#### Exercise prompt:
Quote all of the data that follows exactly as written, skipping the images.
Segment Start: Input
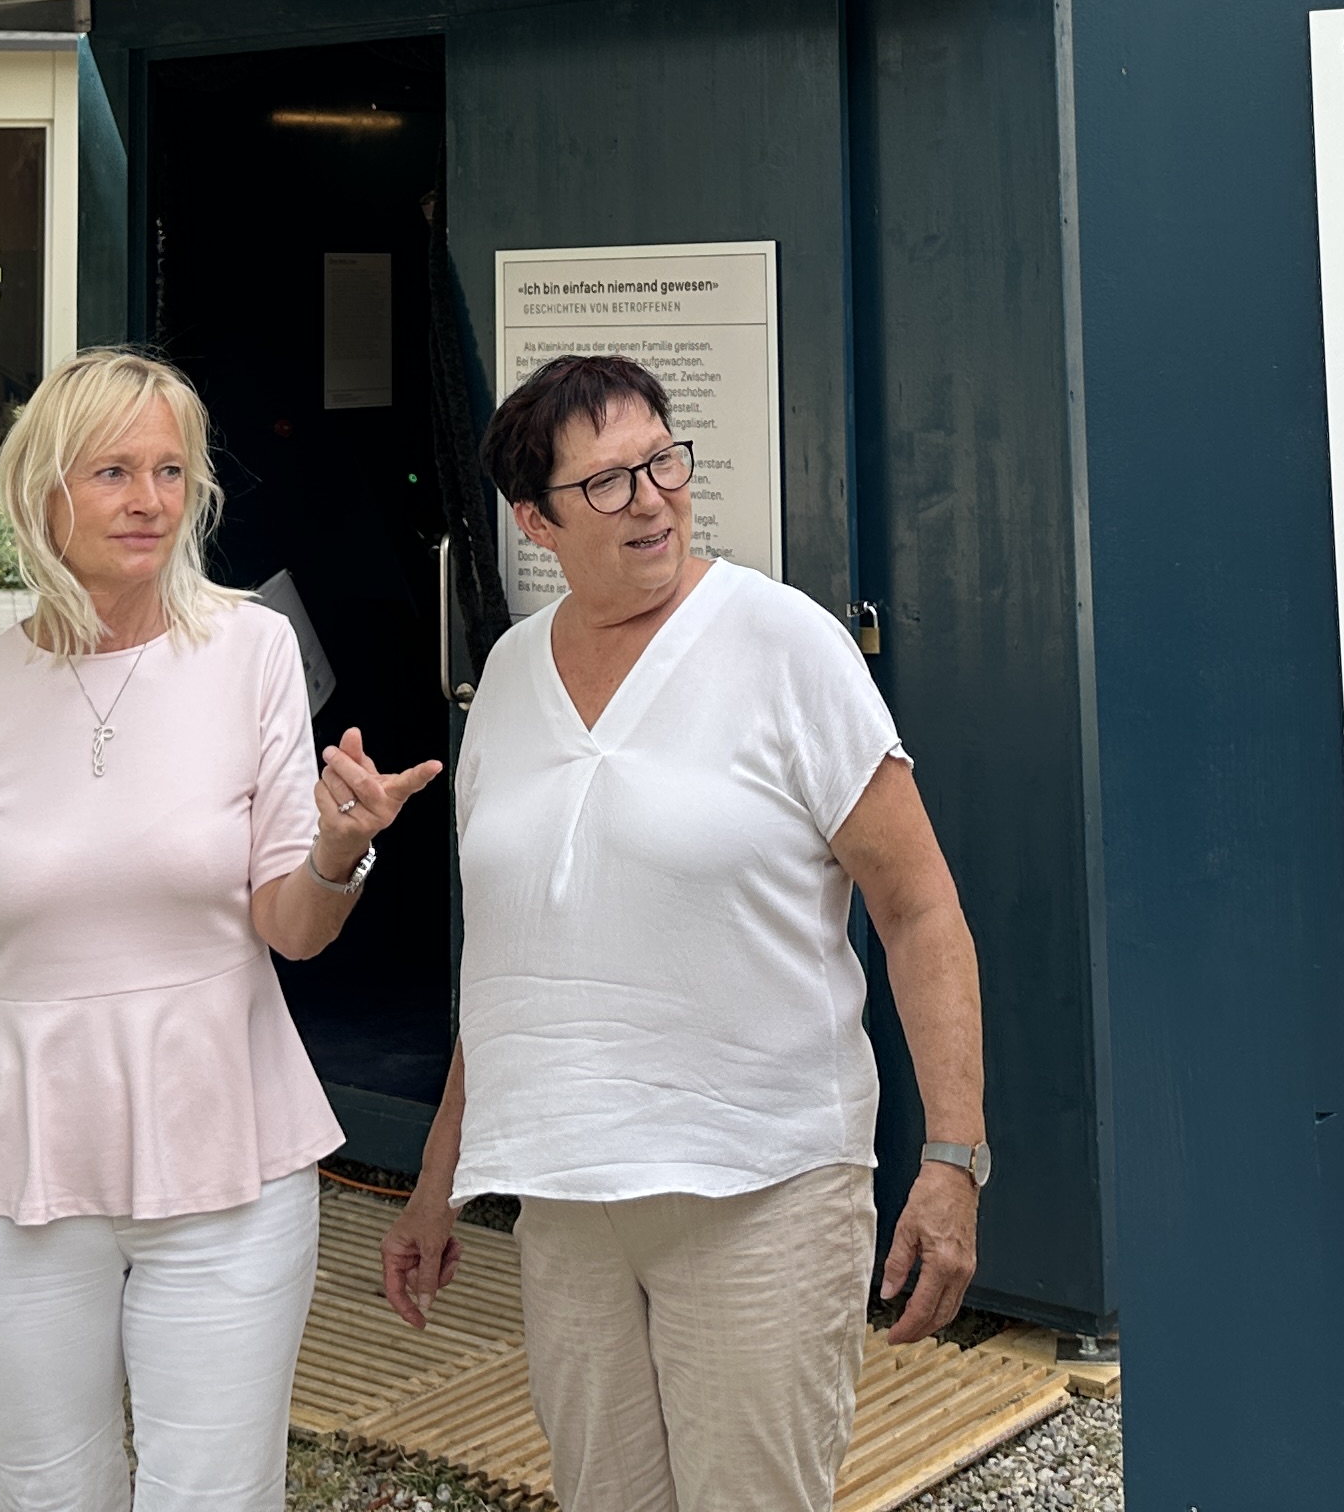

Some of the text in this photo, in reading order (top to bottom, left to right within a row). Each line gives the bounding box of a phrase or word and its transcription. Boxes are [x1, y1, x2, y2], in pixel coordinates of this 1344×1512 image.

[543, 281, 560, 295] bin
[563, 279, 605, 294] einfach
[607, 279, 658, 294] niemand
[523, 301, 681, 315] GESCHICHTEN VON BETROFFENEN
[537, 341, 575, 352] Kleinkind
[576, 342, 591, 352] aus
[592, 341, 606, 352] der
[607, 341, 641, 354] eigenen
[642, 340, 673, 352] Familie
[681, 370, 721, 382] Zwischen
Segment End: Input
#### Exercise response:
Some of the text in this photo, in reading order (top to bottom, left to right within a row). Each line gives the bounding box of a phrase or word and its transcription. Boxes are [x1, y1, x2, y2], in pixel coordinates of this 1344×1512 image.

[543, 281, 560, 295] bin
[563, 279, 605, 294] einfach
[607, 279, 658, 294] niemand
[523, 301, 681, 315] GESCHICHTEN VON BETROFFENEN
[537, 341, 575, 352] Kleinkind
[576, 342, 591, 352] aus
[592, 341, 606, 352] der
[607, 341, 641, 354] eigenen
[642, 340, 673, 352] Familie
[681, 370, 721, 382] Zwischen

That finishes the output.